A partir de ce film, j'ai commencé à t'espérer, chinant parfois ton nom sur les colonnes Morris, comme lorsque je guettais le cartable vert pomme d'Elisabeth Francard dans le réfectoire du collège des peupliers.
Quel coup me prépare-t-elle ? M'arrivait-il de demander au site AlloCiné.
Ce sera cette triple folle de Rosalyn Rosenfeld dans "American Bluff" !
Inénarrable chieuse, fouteuse de bordel comme personne, sa mauvaise foi déborde de son 95 C. On a envie de l'étrangler, on a envie de la prendre dans des positions mesquines, de lui faire un procès et de la chérir en secondes noces. Elle a dans l'oeil cette violence définitive murie par des siècles d'oppression et de lâcheté masculine.
Derrière la caméra, c'est le même type qui te sublime.
Forcément, tu sais que tu me tiens par le bon fil: alors tu le lâches plus, ton David O. Russell. Et tu fais bien, va, tu fais bien. C'est aussi ça, une grande actrice : squatter le meilleur canapé dans la teuf de la bande la plus cool ! Avec David, Bradley et le vieux De Niro, tu me fais une belle-famille !
Car les stars sont une famille prêtée par Hollywood.
Par exemple, un matin, le cinéma m'a présenté Leonardo Di Caprio : "Voilà ton grand frère, Nicolas. Tu vas faire plein de voyages avec lui, il va se prendre des balles de fusil à ta place, il va chialer des drames que tu vivras peut-être un jour, tu vas le regarder vieillir, mal tourner, s'empâter, fondre, ressusciter".

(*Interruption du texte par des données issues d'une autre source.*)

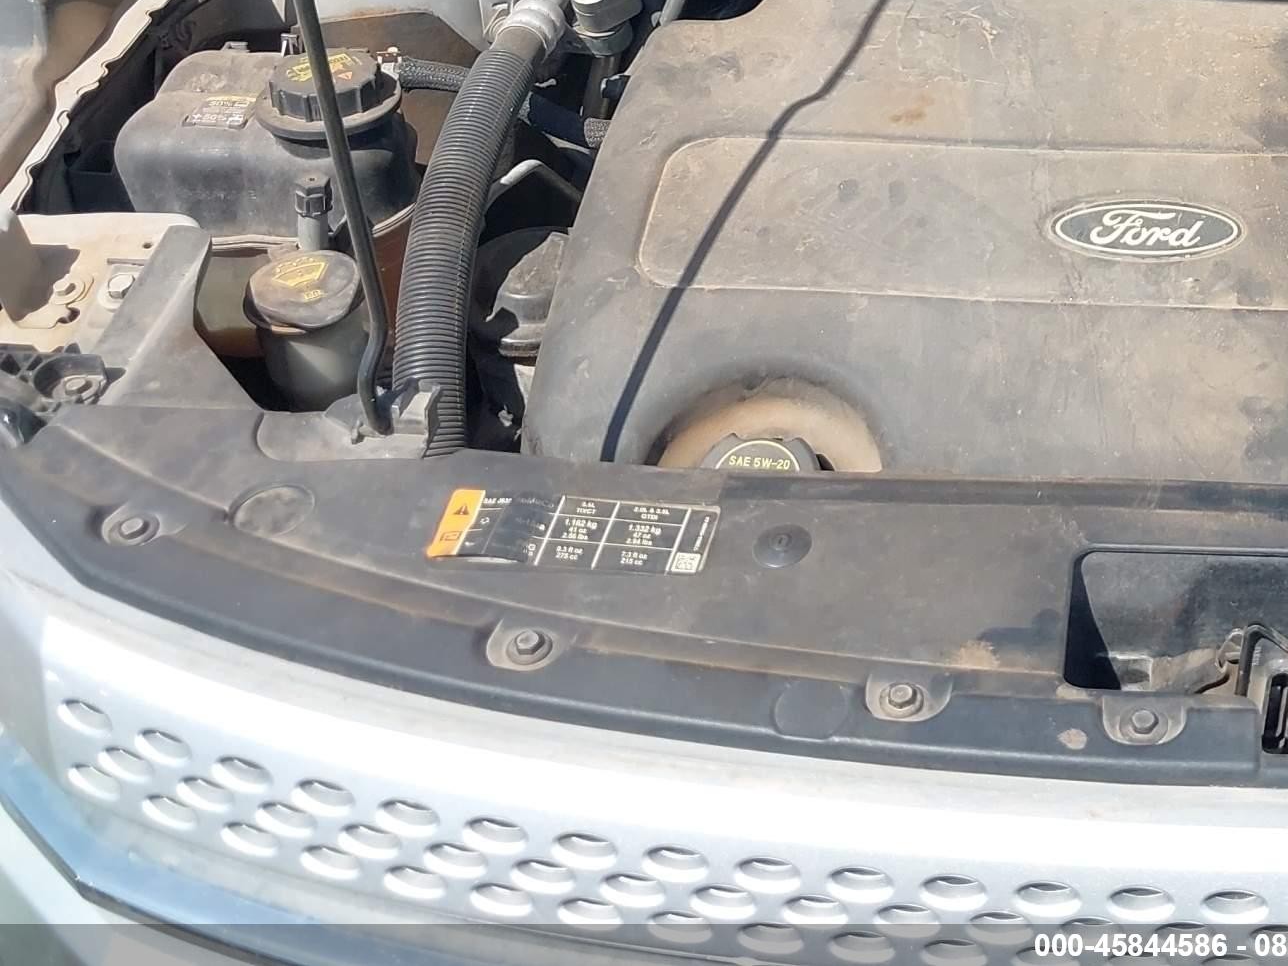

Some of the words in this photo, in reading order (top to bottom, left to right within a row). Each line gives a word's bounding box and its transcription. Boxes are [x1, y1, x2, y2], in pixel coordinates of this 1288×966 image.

[1090, 209, 1204, 247] Ford
[728, 455, 751, 467] SAE
[753, 457, 790, 470] 5W-20

On m'a prêté quelques mamans : Meryl Streep, Emma Thompson. J'ai rencontré Tata Kate Blanchet (par alliance) et une belle-mère (Julianne Moore). Parfois, c'est légèrement pervers, car les studios m'incitent à vouloir niquer ma tante et épouser ma belle-mère, mais ça ne dure qu'une heure trente.
J'ai égaré aussi plein de potes dans les films des années 70 : Jack Nicholson, Michael Douglas et Gene Hackman n'oublieront jamais nos randonnées nocturnes.
Et puis, un beau soir, Hollywood te dit "C'est elle". Tu ne l'as pas vu venir, c'était même pas ton genre de femme, toi tu l'imaginais plus grande, plus blonde, plus rousse ou plus joyeuse. Mais non, c'est elle.
Et bien c'est toi, ma Jennifer.
Le film "Joy" fut ton coup de grâce, ta façon pudique de me dire "Bon, trêve de plaisanteries : On les fait ces gosses ou pas ?".
"Oui, Jenny" t'ai-je répondu, en sortant tout seul du Gaumont Opéra. Puisque tu insistes de bons films en bons films, tu ne me laisses pas le choix.
Joy m'a permis de voir la femme que tu seras. Femme complète, femme complexe, femme comble. Une gamine qui se débat dans une existence d'adulte. Il est là, me semble-t-il, l'équilibre subtil de ta sensualité : cette oscillation permanente entre la candeur et la maturité. On frémit de te voir taper du poing sur la table tout en s'inquiétant que tu aies pu te faire mal au poignet.
Tu fais des films "portrait de femme". Ce qui, de nos jours, est bien plus utile qu'un essai féministe, étant entendu que, dans le monde qui m'échoue, il y a malheureusement beaucoup plus de gens qui clique sur "Nabilla habillée" que sur "Simone de Beauvoir à poil".
J'épouserai donc la cause des femmes à travers leur interprète.
Voilà, en substance, tout ce que je m'apprêtais à te dire, au Ritz, ce jour-là, lorsque j'ai découvert une file d'attente de journaleux.
"Bonjour Mr Bedos, 15 minutes par médias, en présence de ton staff".
Non, ma Jenny, on vaut mieux que ça. On l'a trop attendue pour la bâcler, notre rencontre. D'autant qu'il n'est pas dans mon style de me déshabiller devant trois attachés de presse aussi érotisant qu'un discours d'Alain Juppé.
J'ai préféré partir que de te partager.
Je te laisse me contacter. Le numéro de la rédaction est indiqué page 3.
Sache que nous souhaitons faire le même genre de cinéma sur le même genre de gens. Que je ne fliquerais jamais ton poids. Que j'irais jusqu'à remplir tes tartines de Nutella (parce que c'est bon, le Nutella, et qu'on emmerde Anne Hathaway).
En attendant de me faire deux filles et un garçon, fais-moi encore quelques bons films, picole, trébuche et amuse-toi.